All entries must be repeated exactly. No picture should appear in the result.

-- Opening Marker --

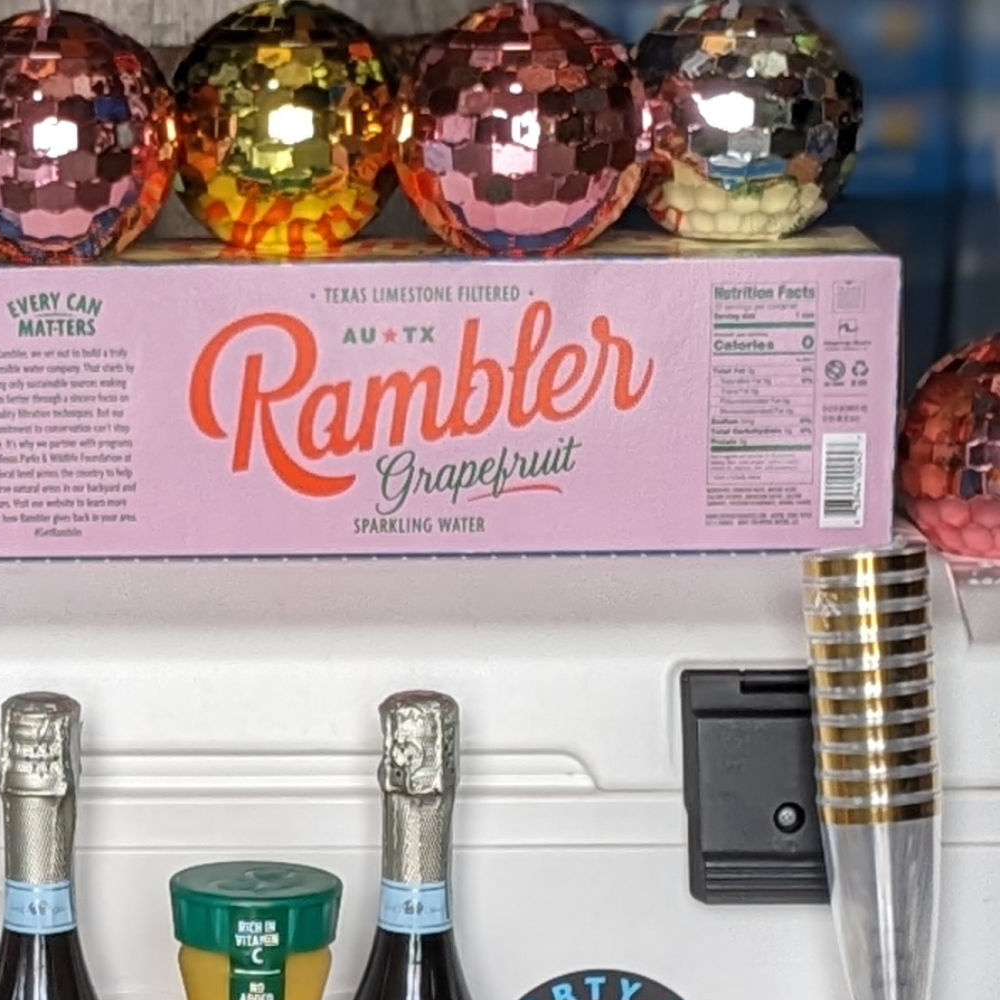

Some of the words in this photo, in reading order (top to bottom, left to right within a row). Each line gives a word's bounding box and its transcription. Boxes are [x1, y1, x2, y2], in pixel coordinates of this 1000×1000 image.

[324, 287, 368, 304] TEXAS
[372, 287, 450, 303] LIMESTONE
[458, 286, 520, 303] FILTERED
[778, 285, 815, 299] Facts
[6, 292, 60, 318] EVERY
[67, 293, 103, 317] CAN
[18, 319, 96, 337] MATTERS
[342, 327, 376, 344] AU
[403, 327, 435, 344] TX
[714, 340, 774, 350] Calories
[189, 300, 654, 497] Rambler
[375, 436, 582, 515] Grapefruit
[353, 517, 433, 534] SPARKLING
[438, 517, 485, 533] WATER
[238, 920, 262, 933] RICH
[265, 920, 276, 932] IN
[251, 947, 264, 964] C

-- Closing Marker --

Response:
Some of the words in this photo, in reading order (top to bottom, left to right within a row). Each line gives a word's bounding box and its transcription. Boxes are [x1, y1, x2, y2], in pixel coordinates of this 1000×1000 image.

[324, 287, 368, 304] TEXAS
[372, 287, 450, 303] LIMESTONE
[458, 286, 520, 303] FILTERED
[778, 285, 815, 299] Facts
[6, 292, 60, 318] EVERY
[67, 293, 103, 317] CAN
[18, 319, 96, 337] MATTERS
[342, 327, 376, 344] AU
[403, 327, 435, 344] TX
[714, 340, 774, 350] Calories
[189, 300, 654, 497] Rambler
[375, 436, 582, 515] Grapefruit
[353, 517, 433, 534] SPARKLING
[438, 517, 485, 533] WATER
[238, 920, 262, 933] RICH
[265, 920, 276, 932] IN
[251, 947, 264, 964] C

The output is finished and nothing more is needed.